* **Exercise**
An exact copy of the records below is required, and it must contain no pictures.

Images for object localization
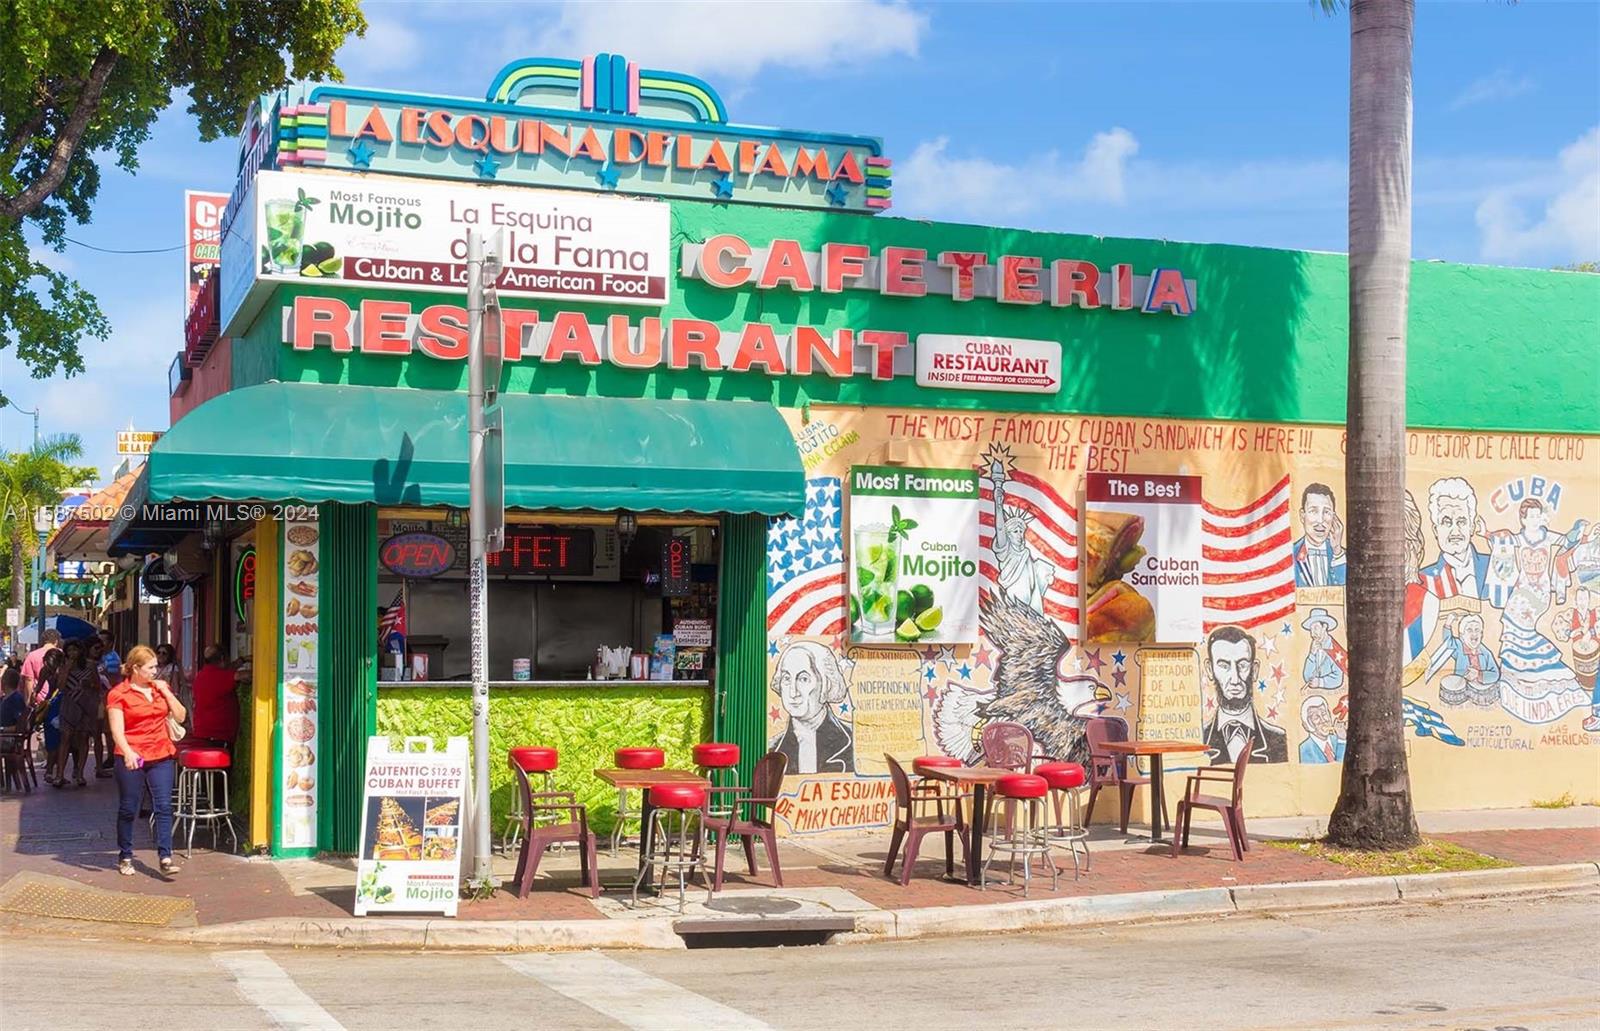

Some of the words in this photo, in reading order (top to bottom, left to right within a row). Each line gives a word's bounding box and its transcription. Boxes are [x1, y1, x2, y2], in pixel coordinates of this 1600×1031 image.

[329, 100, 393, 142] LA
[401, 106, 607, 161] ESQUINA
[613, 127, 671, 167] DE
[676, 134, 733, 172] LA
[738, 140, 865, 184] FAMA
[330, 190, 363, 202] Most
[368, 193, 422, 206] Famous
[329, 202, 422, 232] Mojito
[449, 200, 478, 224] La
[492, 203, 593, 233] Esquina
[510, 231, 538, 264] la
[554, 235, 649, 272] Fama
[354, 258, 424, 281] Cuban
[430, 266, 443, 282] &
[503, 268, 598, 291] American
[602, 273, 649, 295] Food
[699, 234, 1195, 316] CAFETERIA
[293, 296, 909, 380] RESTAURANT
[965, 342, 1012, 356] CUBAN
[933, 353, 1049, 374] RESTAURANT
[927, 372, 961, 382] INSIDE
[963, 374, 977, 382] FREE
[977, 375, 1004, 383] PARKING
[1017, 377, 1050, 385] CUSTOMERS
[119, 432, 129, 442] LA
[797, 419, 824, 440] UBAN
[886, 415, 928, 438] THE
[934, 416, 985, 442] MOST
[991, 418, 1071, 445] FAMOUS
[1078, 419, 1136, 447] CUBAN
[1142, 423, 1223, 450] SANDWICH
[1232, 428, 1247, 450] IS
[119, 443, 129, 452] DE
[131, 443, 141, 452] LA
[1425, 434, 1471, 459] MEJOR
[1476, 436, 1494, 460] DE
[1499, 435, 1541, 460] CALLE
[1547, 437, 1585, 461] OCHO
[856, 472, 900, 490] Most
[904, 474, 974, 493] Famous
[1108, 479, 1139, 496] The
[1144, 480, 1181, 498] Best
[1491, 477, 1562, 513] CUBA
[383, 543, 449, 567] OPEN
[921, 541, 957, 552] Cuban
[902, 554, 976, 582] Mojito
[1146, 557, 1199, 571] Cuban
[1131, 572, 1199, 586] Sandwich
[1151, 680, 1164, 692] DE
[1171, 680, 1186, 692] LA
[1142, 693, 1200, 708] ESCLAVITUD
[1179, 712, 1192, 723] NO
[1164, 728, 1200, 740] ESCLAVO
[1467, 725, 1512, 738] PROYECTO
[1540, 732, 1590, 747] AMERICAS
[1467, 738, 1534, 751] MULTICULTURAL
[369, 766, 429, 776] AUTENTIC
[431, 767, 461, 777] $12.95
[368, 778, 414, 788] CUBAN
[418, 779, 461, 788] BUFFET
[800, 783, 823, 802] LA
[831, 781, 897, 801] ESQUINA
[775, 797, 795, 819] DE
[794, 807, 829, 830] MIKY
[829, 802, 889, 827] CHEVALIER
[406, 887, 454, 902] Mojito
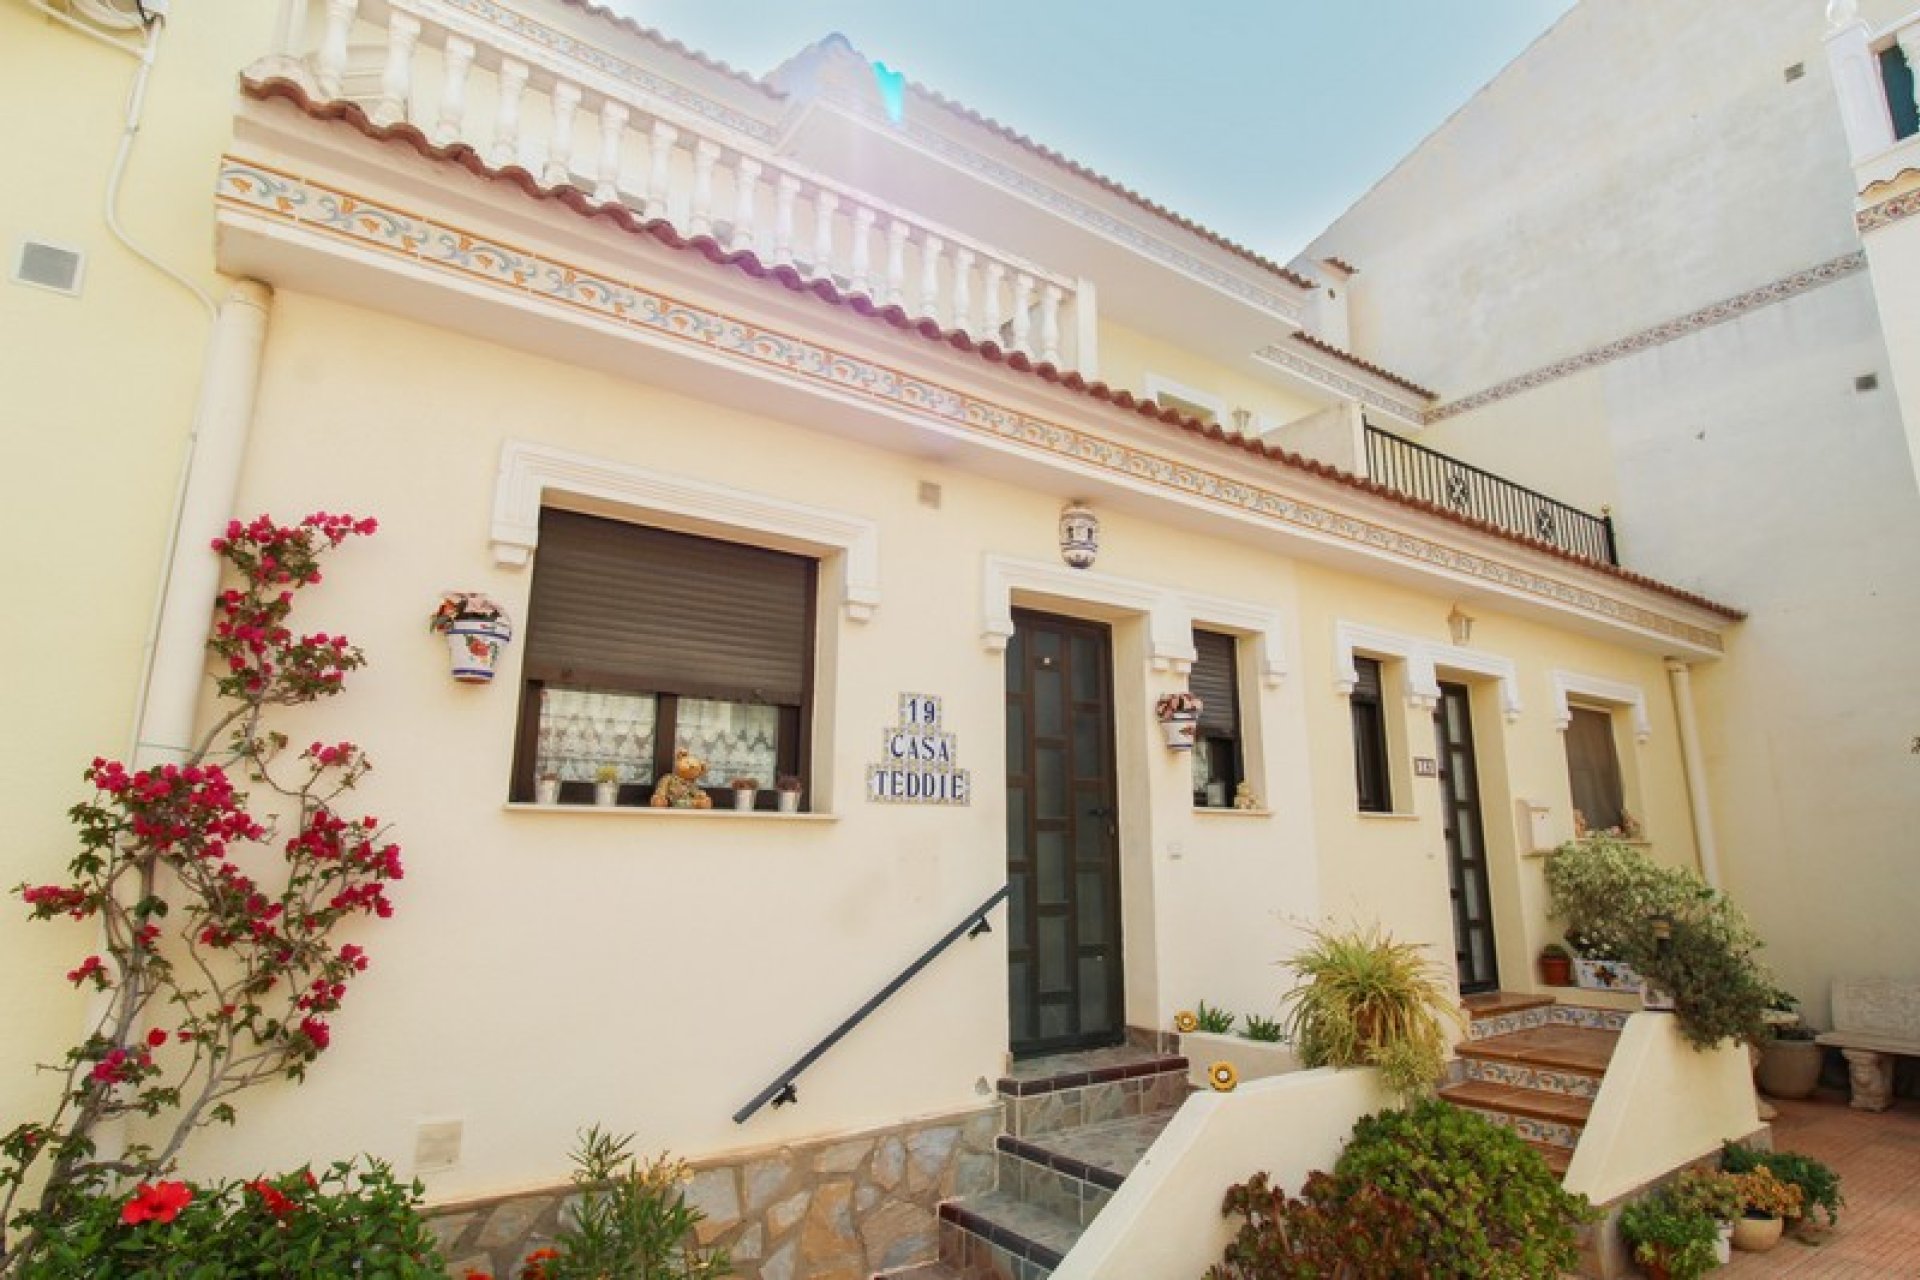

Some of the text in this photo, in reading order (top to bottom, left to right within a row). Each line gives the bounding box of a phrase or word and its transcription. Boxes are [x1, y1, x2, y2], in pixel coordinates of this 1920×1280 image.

* **Exercise response**
Some of the words in this photo, in reading order (top to bottom, left to right within a row). Each line gives a word's bounding box and its transcription. Boxes are [x1, y1, x2, y2], in pixel coordinates of this 1600×1031 image.

[329, 100, 393, 142] LA
[401, 106, 607, 161] ESQUINA
[613, 127, 671, 167] DE
[676, 134, 733, 172] LA
[738, 140, 865, 184] FAMA
[330, 190, 363, 202] Most
[368, 193, 422, 206] Famous
[329, 202, 422, 232] Mojito
[449, 200, 478, 224] La
[492, 203, 593, 233] Esquina
[510, 231, 538, 264] la
[554, 235, 649, 272] Fama
[354, 258, 424, 281] Cuban
[430, 266, 443, 282] &
[503, 268, 598, 291] American
[602, 273, 649, 295] Food
[699, 234, 1195, 316] CAFETERIA
[293, 296, 909, 380] RESTAURANT
[965, 342, 1012, 356] CUBAN
[933, 353, 1049, 374] RESTAURANT
[927, 372, 961, 382] INSIDE
[963, 374, 977, 382] FREE
[977, 375, 1004, 383] PARKING
[1017, 377, 1050, 385] CUSTOMERS
[119, 432, 129, 442] LA
[797, 419, 824, 440] UBAN
[886, 415, 928, 438] THE
[934, 416, 985, 442] MOST
[991, 418, 1071, 445] FAMOUS
[1078, 419, 1136, 447] CUBAN
[1142, 423, 1223, 450] SANDWICH
[1232, 428, 1247, 450] IS
[119, 443, 129, 452] DE
[131, 443, 141, 452] LA
[1425, 434, 1471, 459] MEJOR
[1476, 436, 1494, 460] DE
[1499, 435, 1541, 460] CALLE
[1547, 437, 1585, 461] OCHO
[856, 472, 900, 490] Most
[904, 474, 974, 493] Famous
[1108, 479, 1139, 496] The
[1144, 480, 1181, 498] Best
[1491, 477, 1562, 513] CUBA
[383, 543, 449, 567] OPEN
[921, 541, 957, 552] Cuban
[902, 554, 976, 582] Mojito
[1146, 557, 1199, 571] Cuban
[1131, 572, 1199, 586] Sandwich
[1151, 680, 1164, 692] DE
[1171, 680, 1186, 692] LA
[1142, 693, 1200, 708] ESCLAVITUD
[1179, 712, 1192, 723] NO
[1164, 728, 1200, 740] ESCLAVO
[1467, 725, 1512, 738] PROYECTO
[1540, 732, 1590, 747] AMERICAS
[1467, 738, 1534, 751] MULTICULTURAL
[369, 766, 429, 776] AUTENTIC
[431, 767, 461, 777] $12.95
[368, 778, 414, 788] CUBAN
[418, 779, 461, 788] BUFFET
[800, 783, 823, 802] LA
[831, 781, 897, 801] ESQUINA
[775, 797, 795, 819] DE
[794, 807, 829, 830] MIKY
[829, 802, 889, 827] CHEVALIER
[406, 887, 454, 902] Mojito

Some of the text in this photo, in reading order (top to bottom, left to right within a row). Each line gives the bounding box of a phrase or word and its transcription. Boxes are [x1, y1, x2, y2], in pixel coordinates of this 1920×1280 image.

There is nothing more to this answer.